Exercise prompt: Can you transcribe every entry word for word, skipping the images?
*** Data for review ***
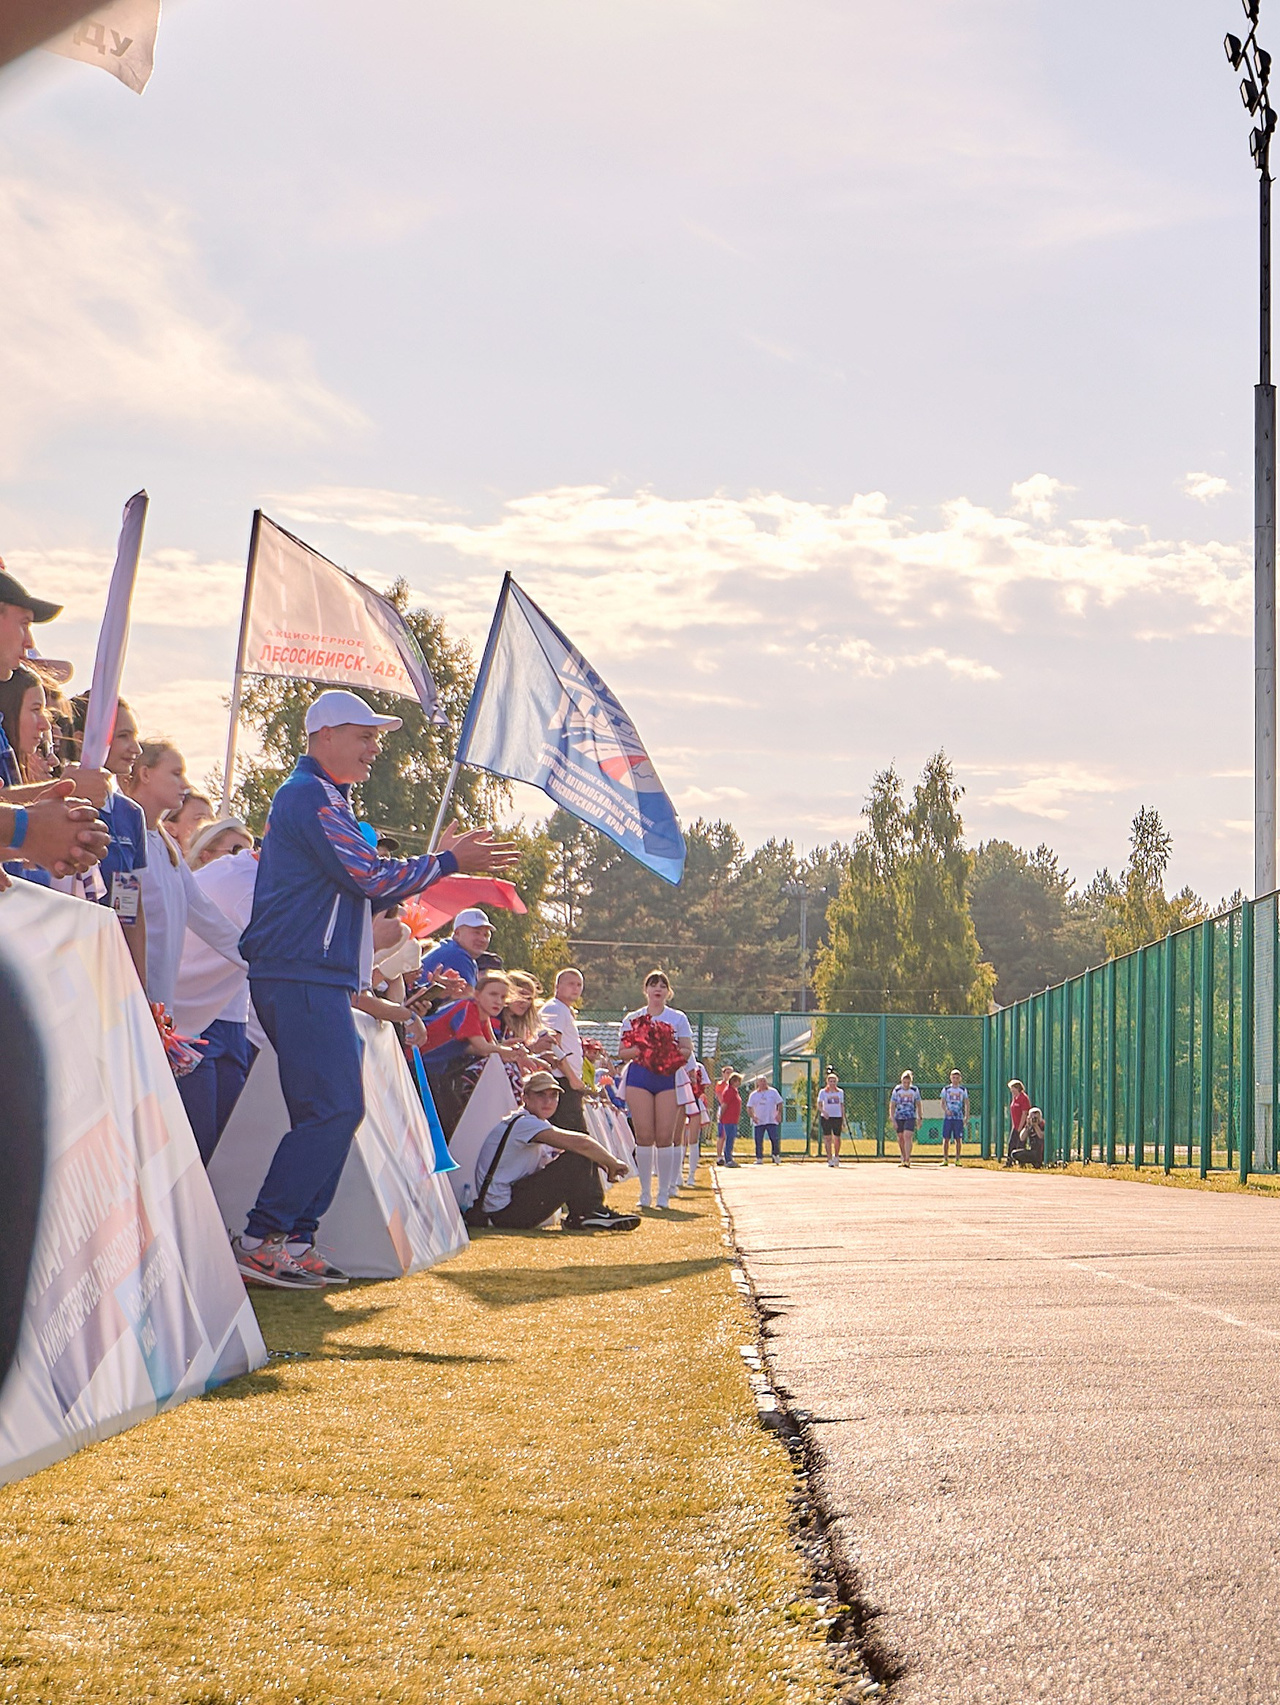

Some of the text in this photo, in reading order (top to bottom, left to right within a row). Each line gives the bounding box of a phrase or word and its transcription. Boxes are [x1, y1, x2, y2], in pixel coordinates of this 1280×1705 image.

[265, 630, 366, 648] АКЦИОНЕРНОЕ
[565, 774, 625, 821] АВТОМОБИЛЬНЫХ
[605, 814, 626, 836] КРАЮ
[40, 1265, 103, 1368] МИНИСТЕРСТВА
*** End of Data for review ***
Expected answer:
Some of the text in this photo, in reading order (top to bottom, left to right within a row). Each line gives the bounding box of a phrase or word and its transcription. Boxes are [x1, y1, x2, y2], in pixel coordinates of this 1280×1705 image.

[265, 630, 366, 648] АКЦИОНЕРНОЕ
[565, 774, 625, 821] АВТОМОБИЛЬНЫХ
[605, 814, 626, 836] КРАЮ
[40, 1265, 103, 1368] МИНИСТЕРСТВА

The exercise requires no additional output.